SKIN TIGHT by Carl Hiaasen

“Believe me, we’re on the same side.”

“I know, chico, that’s what scares me.”

“So, which of these bastards do you want for yourself—the surgeon or the geek?”

“Don’t rush me, Mick.”

30

Early on the morning of February nineteenth, Reynaldo Flemm, the famous Shock Television journalist, arrived at the Whispering Palms Spa and Surgery Center for the most sensational interview of his sensational career. A sleepy receptionist collected the $15,000 cash and counted it twice; if she was surprised by the size of the surgeon’s fee, she didn’t show it. The receptionist handed Reynaldo Flemm two photocopied consent forms, one for a rhinoplasty and one for a suction-assisted lipectomy. Reynaldo skimmed the paperwork and extravagantly signed as “Johnny LeTigre.”

Then he sat down to wait for his moment. On a buff-colored wall hung a laminated carving of one of Rudy Graveline’s pet sayings: to improve one’s self, improve one’s face. That wasn’t Reynaldo’s favorite Rudyism. His favorite was framed in quilted Norman Rockwell-style letters above the water fountain:

vanity is beautiful. That’s the one Reynaldo had told Willie about. Be sure to get a quick shot on your way in, he had told him. What for? Willie had asked. For the irony, Reynaldo Flemm had exclaimed. For the irony! Reynaldo was proud of himself for thinking up that camera shot; usually Christina Marks was in charge of finding irony.

Soon an indifferent young nurse summoned Reynaldo to a chilly examining room and instructed him to empty his bladder, a tedious endeavor that took fifteen minutes and produced scarcely an ounce. Reynaldo Flemm was a very nervous man. In his professional life he had been beaten by Teamsters, goosed by white supremacists, clubbed by Mafia torpedoes, pistol-whipped by Bandito bikers, and kicked in the groin by the Pro-Life Posse. But he had never undergone surgery. Not even a wart removal.

Flemm stiffly removed his clothes and pulled off his hightop Air Jordans. He changed into a baby-blue paper gown that hung to his knees. The nurse gave him a silly paper cap to cover his silly dyed hair, and paper shoe covers for his bare feet.
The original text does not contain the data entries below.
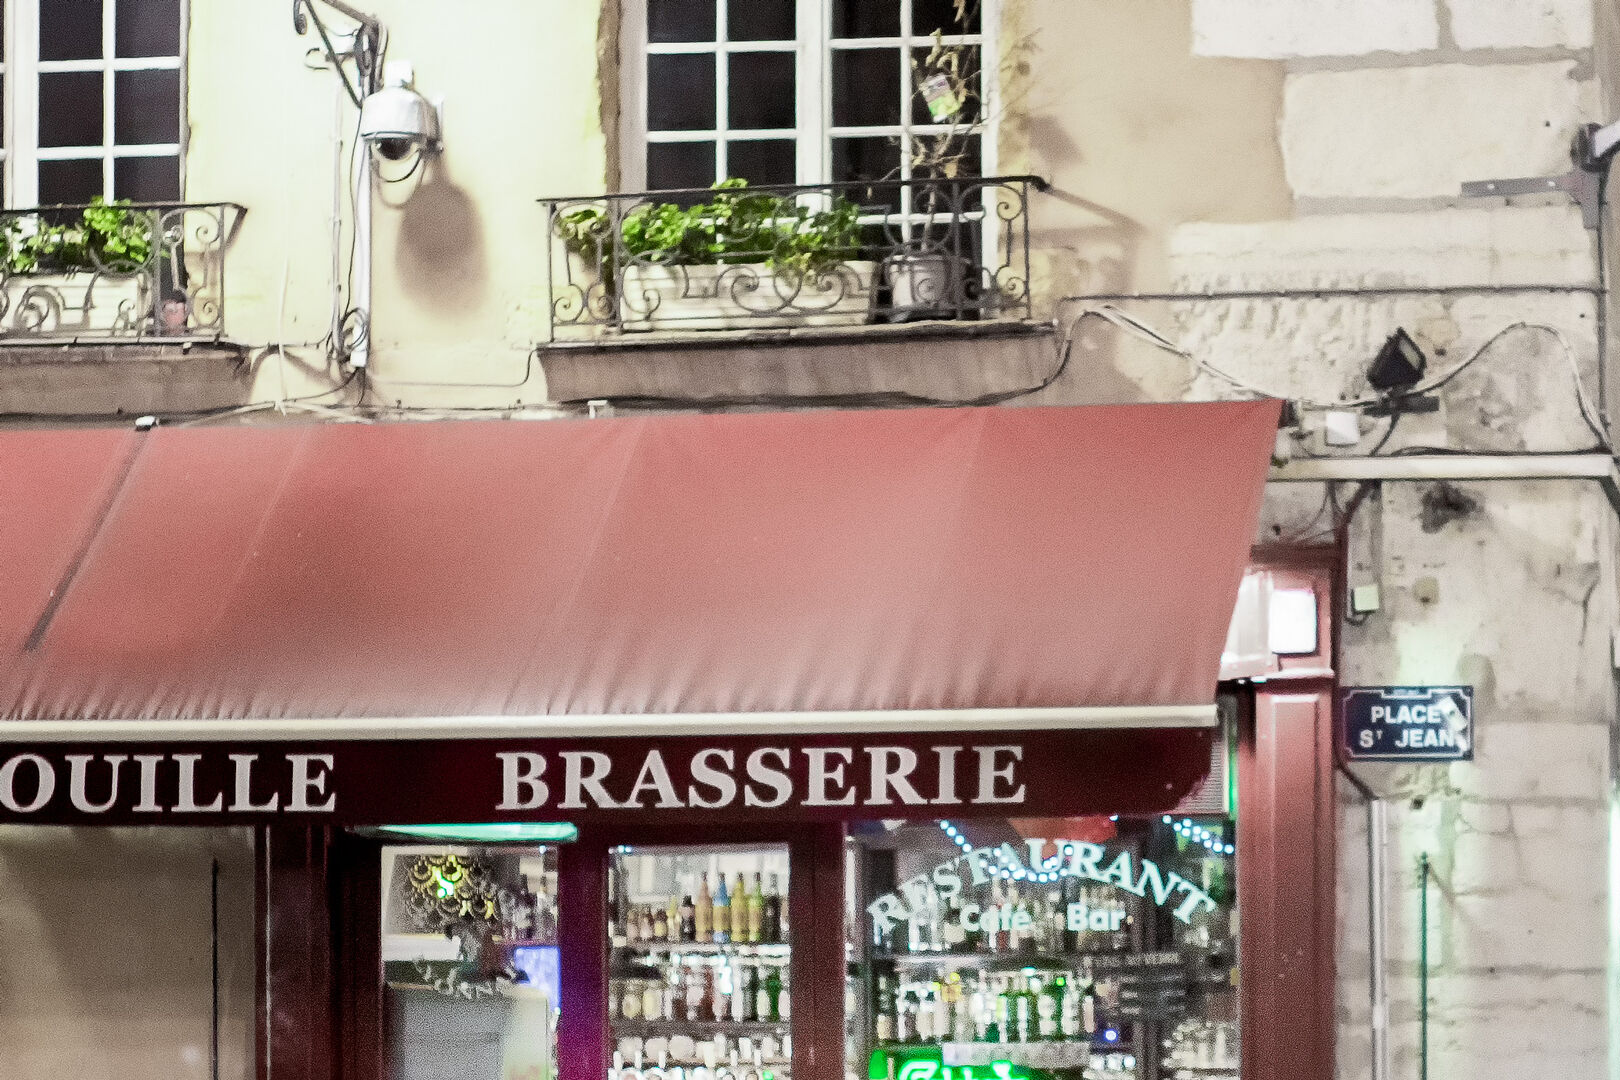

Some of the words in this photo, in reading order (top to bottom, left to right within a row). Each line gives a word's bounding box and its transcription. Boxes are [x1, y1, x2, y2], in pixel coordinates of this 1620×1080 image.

[1371, 705, 1442, 724] PLACE
[1395, 729, 1456, 748] JEAN
[0, 753, 338, 814] OUILLE
[495, 744, 1027, 811] BRASSERIE
[866, 837, 1217, 926] RESTAURANT
[1067, 901, 1126, 932] Bar
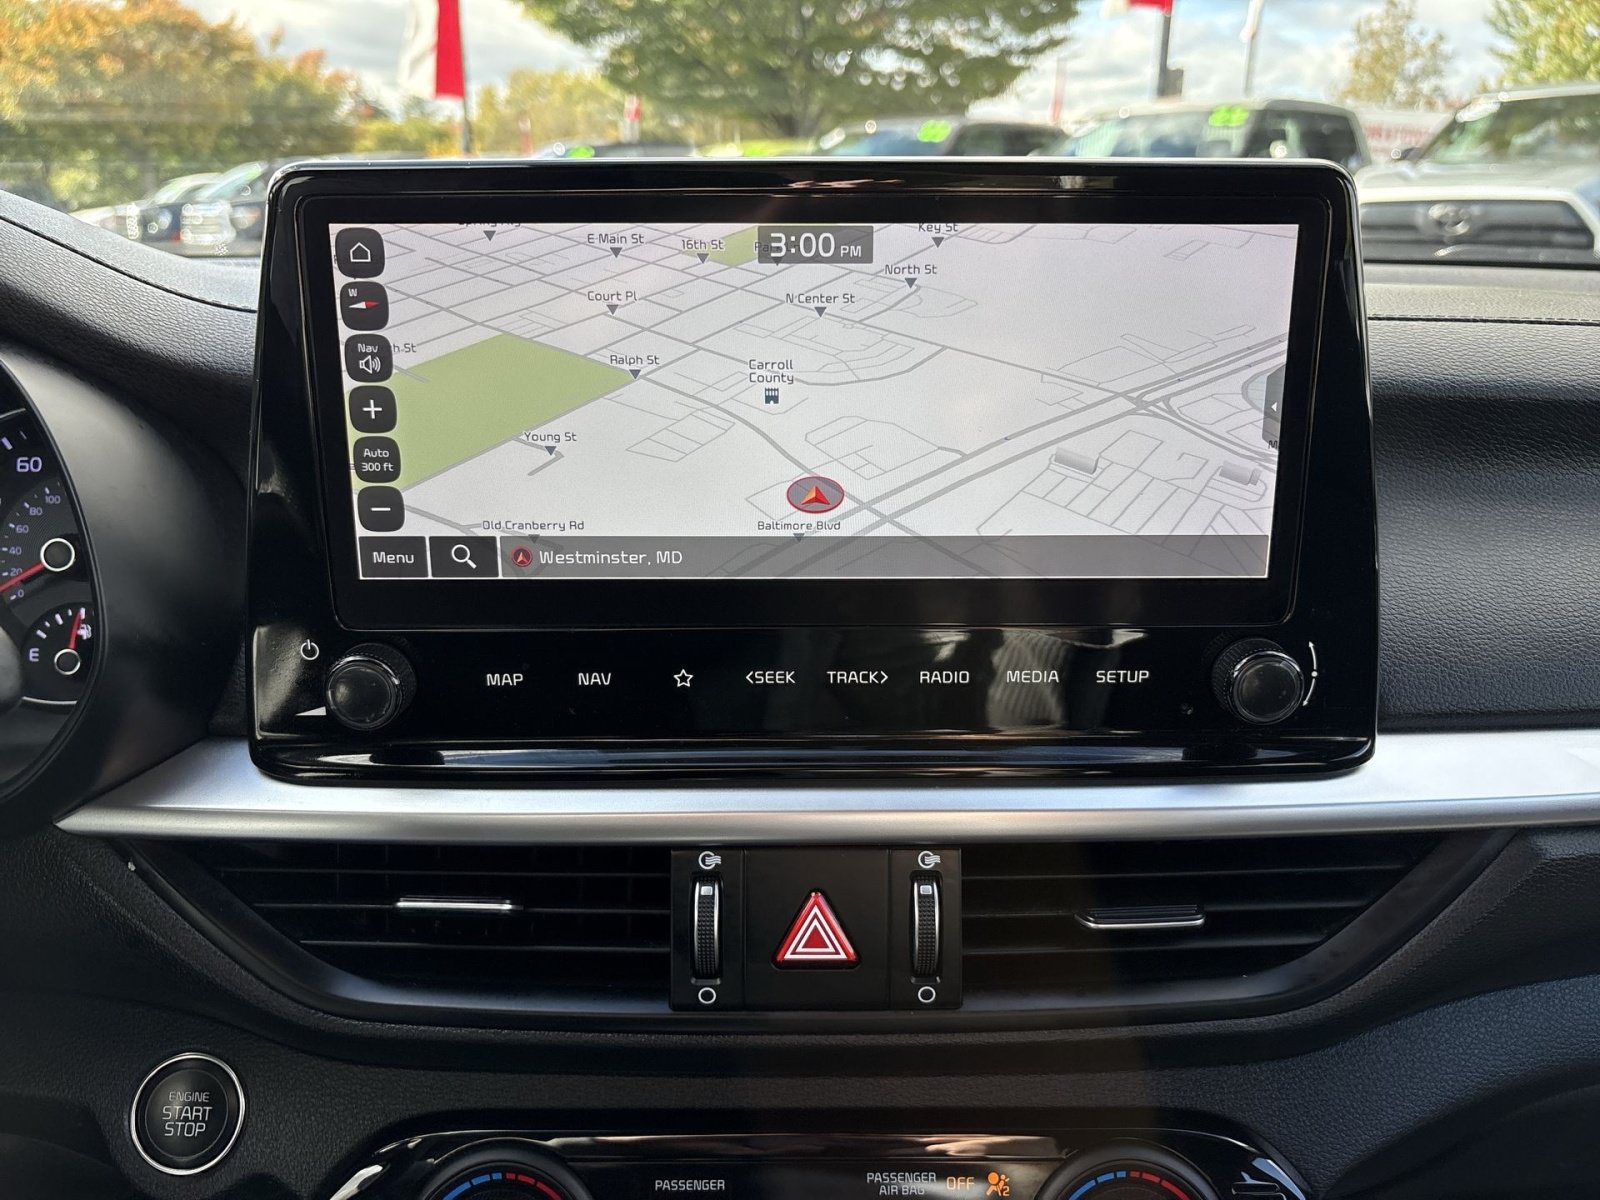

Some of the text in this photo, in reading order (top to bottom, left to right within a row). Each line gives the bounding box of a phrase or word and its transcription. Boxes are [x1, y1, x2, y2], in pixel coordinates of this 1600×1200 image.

[918, 222, 959, 234] Key St
[587, 233, 645, 244] E Main St
[682, 239, 725, 250] 16th St
[769, 232, 862, 258] 3:00 PM
[884, 264, 938, 275] North St
[348, 288, 358, 297] W
[587, 291, 638, 302] Court Pl
[785, 293, 856, 304] N Center St
[357, 343, 379, 353] Nav
[403, 343, 417, 353] St
[609, 355, 660, 367] Ralph St
[748, 359, 793, 370] Carroll
[749, 373, 794, 385] County
[524, 432, 577, 443] Young St
[363, 448, 390, 458] Auto
[16, 457, 42, 472] 60
[361, 462, 394, 472] 300 ft
[45, 495, 61, 504] 100
[29, 507, 42, 516] 80
[16, 525, 29, 533] 60
[482, 520, 585, 531] Old Cranberry Rd
[757, 520, 841, 531] Baltimore Blvd
[9, 547, 22, 555] 40
[372, 551, 415, 565] Menu
[656, 550, 683, 565] MD
[18, 589, 25, 598] 0
[29, 648, 39, 661] E
[486, 673, 523, 686] MAP
[578, 672, 612, 686] NAV
[919, 670, 970, 684] RADIO
[1006, 670, 1060, 683] MEDIA
[1096, 670, 1149, 683] SETUP
[168, 1091, 211, 1102] ENGINE
[162, 1105, 213, 1121] START
[164, 1121, 206, 1137] STOP
[866, 1172, 937, 1184] PASSENGER
[946, 1176, 975, 1190] OFF
[655, 1179, 726, 1192] PASSENGER
[879, 1184, 926, 1196] AIR BAG
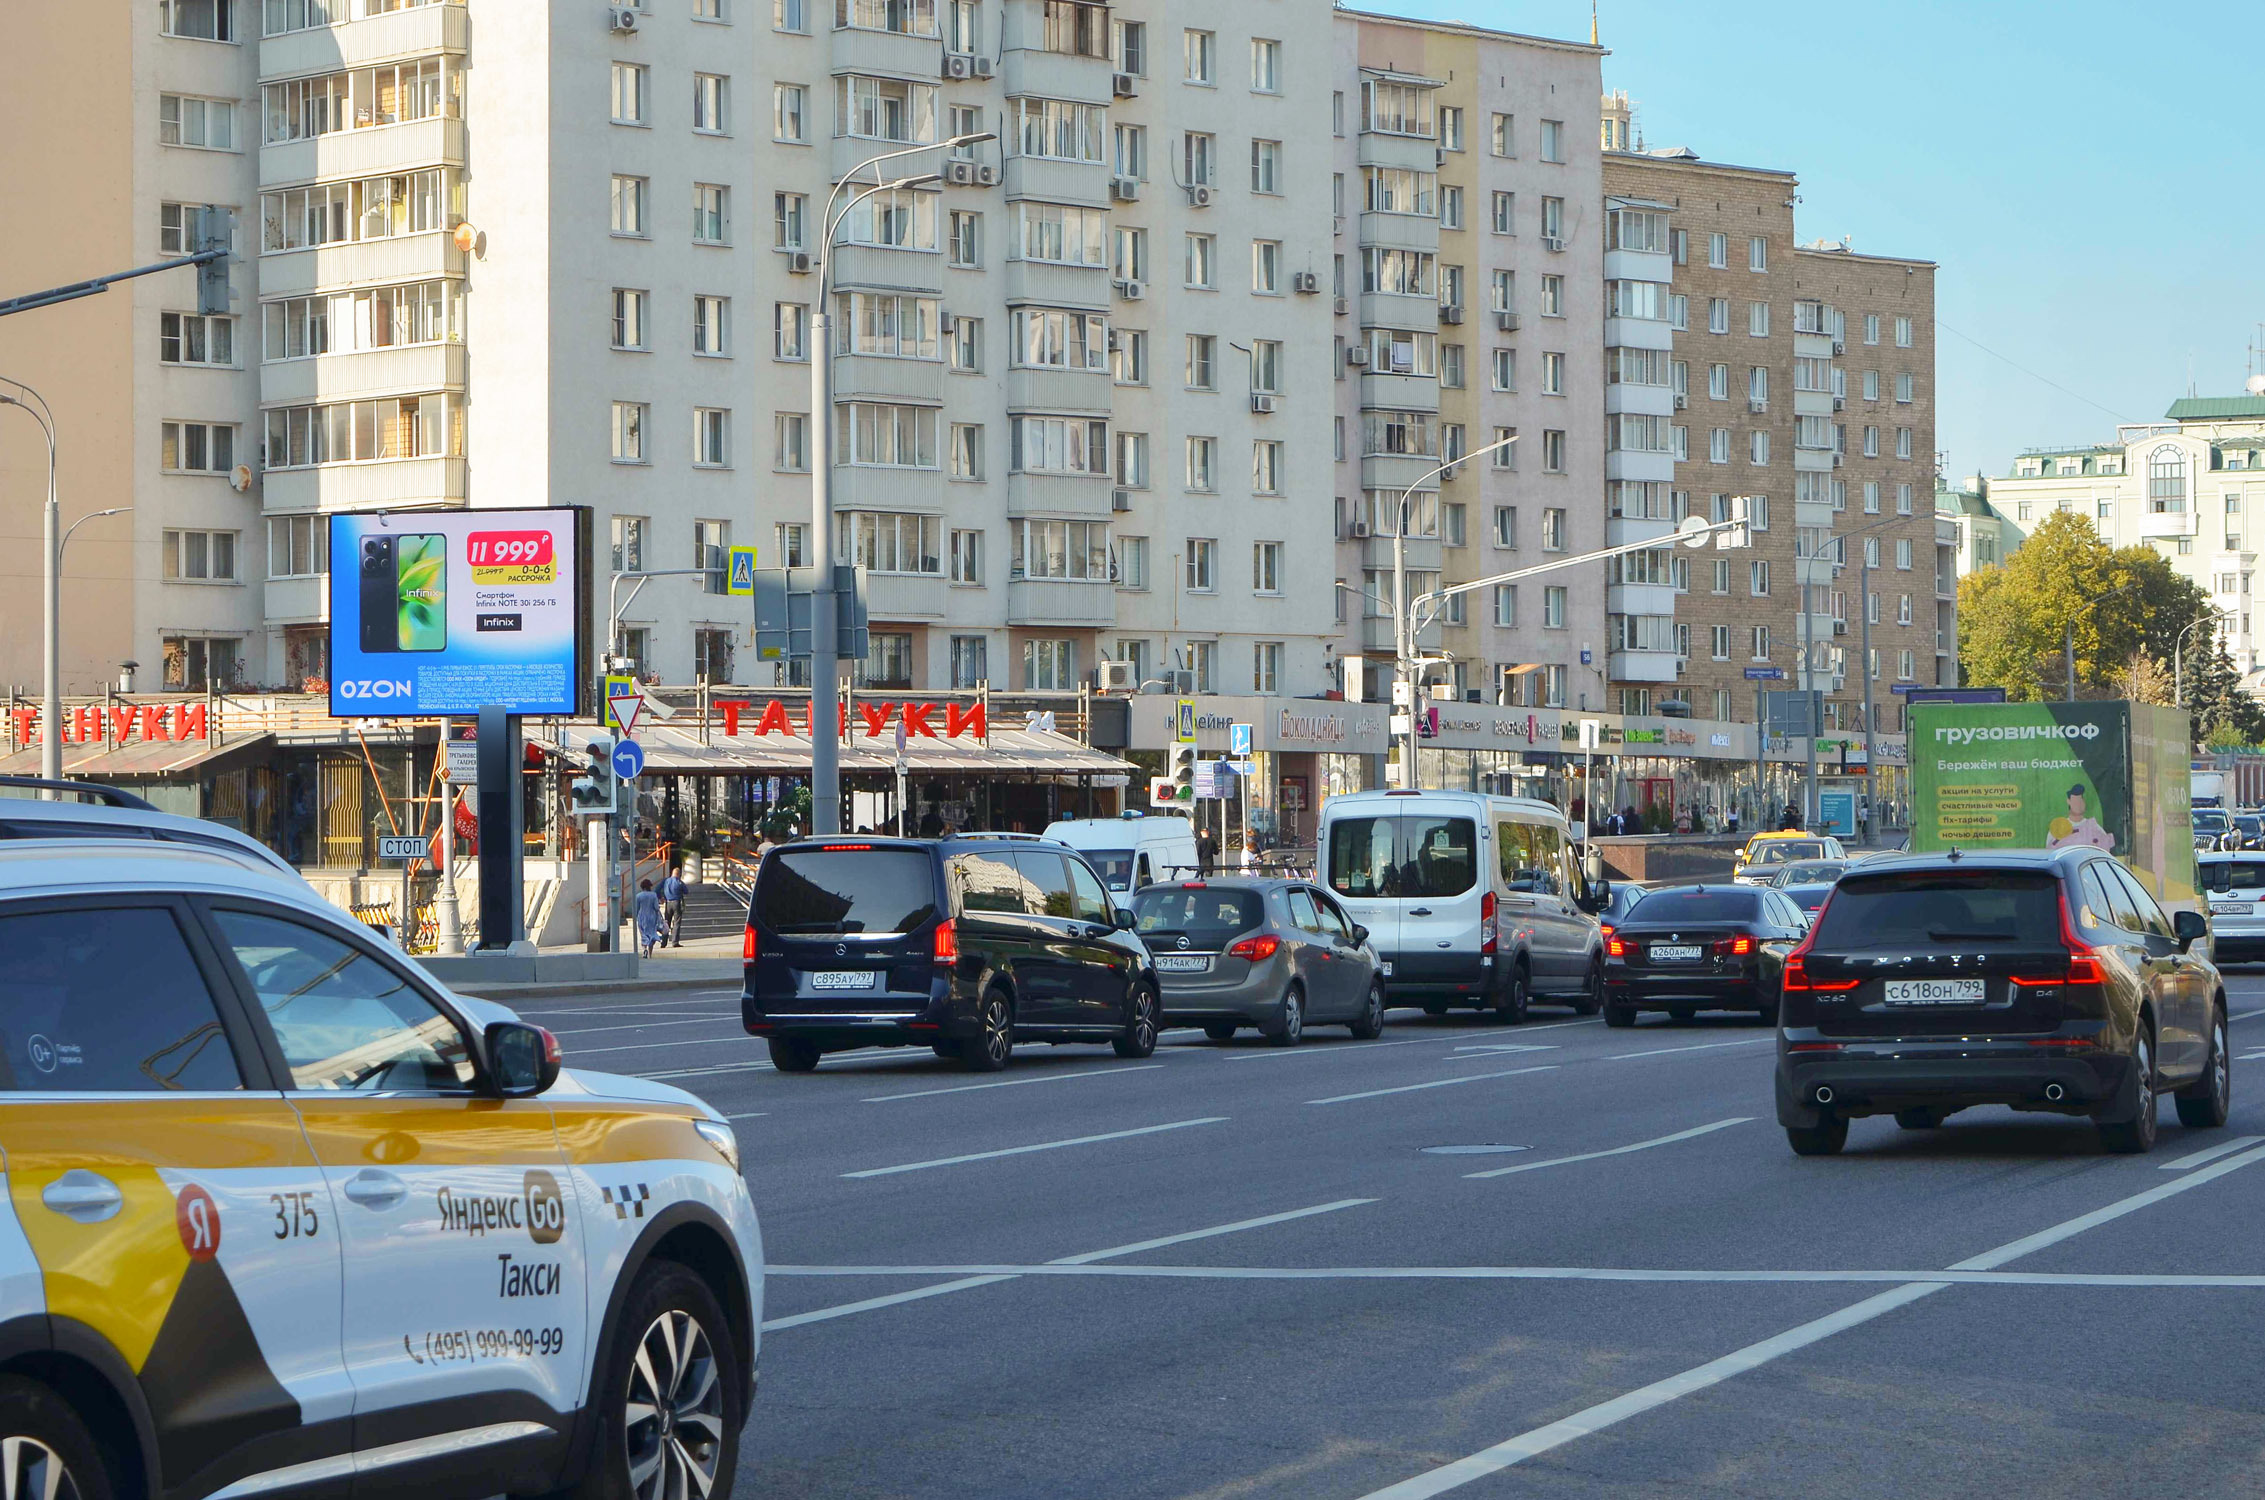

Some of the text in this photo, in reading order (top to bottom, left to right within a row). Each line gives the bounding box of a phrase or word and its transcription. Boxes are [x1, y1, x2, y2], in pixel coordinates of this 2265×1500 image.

A nurse anesthetist came out of nowhere, brusquely flipped up the tail of Reynaldo’s gown and stuck a needle in his hip. The hypodermic contained a drug called Robinul, which dries up the mouth by inhibiting oral secretions. Next the nurse seized Reynaldo’s left arm, swabbed it, and stuck it cleanly with an I.V. needle that dripped into his veins a lactated solution of five percent dextrose and, later, assorted powerful sedatives.

The anesthetist then led Reynaldo Flemm and his I.V. apparatus into Suite F, one of four ultramodern surgical theaters at Whispering Palms. She asked him to lie on his back and, as he stretched out on the icy steel, Reynaldo frantically tried to remember the ten searing questions he had prepared for the ambush of Dr. Rudy Graveline.

One, did you kill Victoria Barletta on March 12, 1986?

Two, why would one of your former nurses say that you did?

Three, isn’t it true that you’ve repeatedly gotten into trouble for careless and incompetent surgery?

Four, how do you explain …

Explain?

Explain this strap on my fucking legs!

“Please quiet down, Mr. LeTigre.”

And my arms! What’ve you done to my arms? I can’t move my goddamn arms!

“Try to relax. Think pleasant thoughts.”

Wait, wait, wait, wait, wait!

“You ought to be feeling a little drowsy.”

This is wrong. This is not right. I read up on this. I got a fucking pamphlet. You’re supposed to tape my eyes, not my arms. What are you smiling at, you dumb twat? Lemme talk to the doctor! Where’s the doctor? Jesus Christ, that’s cold. What are you doing down there!

“Good morning, Mr. LeTigre.”

Doctor, thank God you’re here! Listen good now: These Nazi nurse bitches are making a terrible mistake. I don’t wanna general, I wanna a local. Just pull the I.V., okay? I’ll be fine, just pull the tubes before I pass out.

“John, we’re having a little trouble understanding you.”

No shit, Sherlock, my tongue’s so dry you could light a match on it. Please yank the needles, I can’t think with these damn needles. And make ‘em quit fooling around with me down there. Christ, it’s cold! What’re they doing!